### WHAT YOU NEED TO DO
Without the pictures, give the records again exactly as they appear.

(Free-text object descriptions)
- Opening Delimiter -
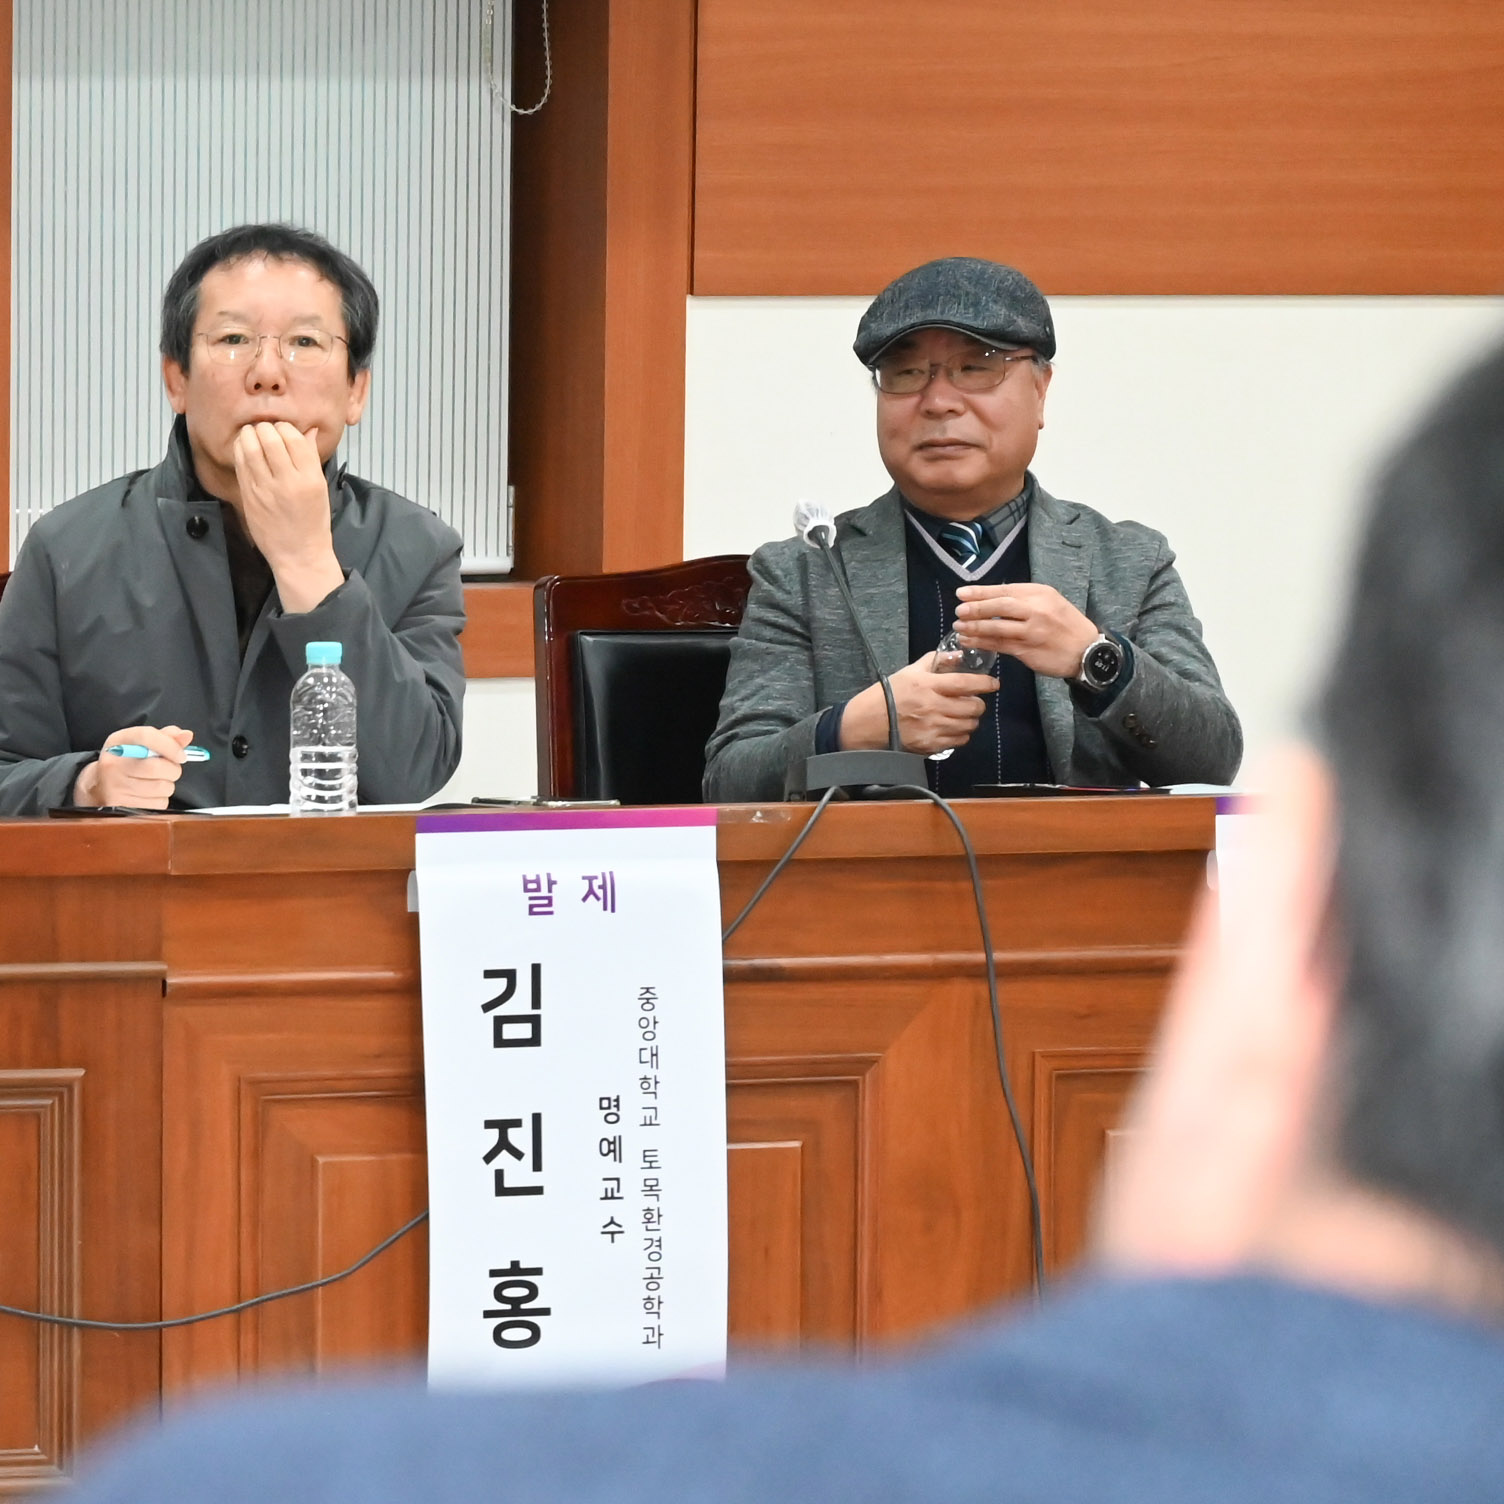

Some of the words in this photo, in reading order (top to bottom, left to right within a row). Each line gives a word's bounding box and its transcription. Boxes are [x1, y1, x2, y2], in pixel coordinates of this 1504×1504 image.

[522, 870, 616, 917] 발제
[637, 986, 661, 1128] 중앙대학교
[480, 962, 552, 1350] 김진홍
[598, 1094, 625, 1244] 명예교수
[639, 1148, 665, 1350] 토목환경공학과
- Closing Delimiter -
### FINISHED EXERCISE
Some of the words in this photo, in reading order (top to bottom, left to right within a row). Each line gives a word's bounding box and its transcription. Boxes are [x1, y1, x2, y2], in pixel coordinates of this 1504×1504 image.

[522, 870, 616, 917] 발제
[637, 986, 661, 1128] 중앙대학교
[480, 962, 552, 1350] 김진홍
[598, 1094, 625, 1244] 명예교수
[639, 1148, 665, 1350] 토목환경공학과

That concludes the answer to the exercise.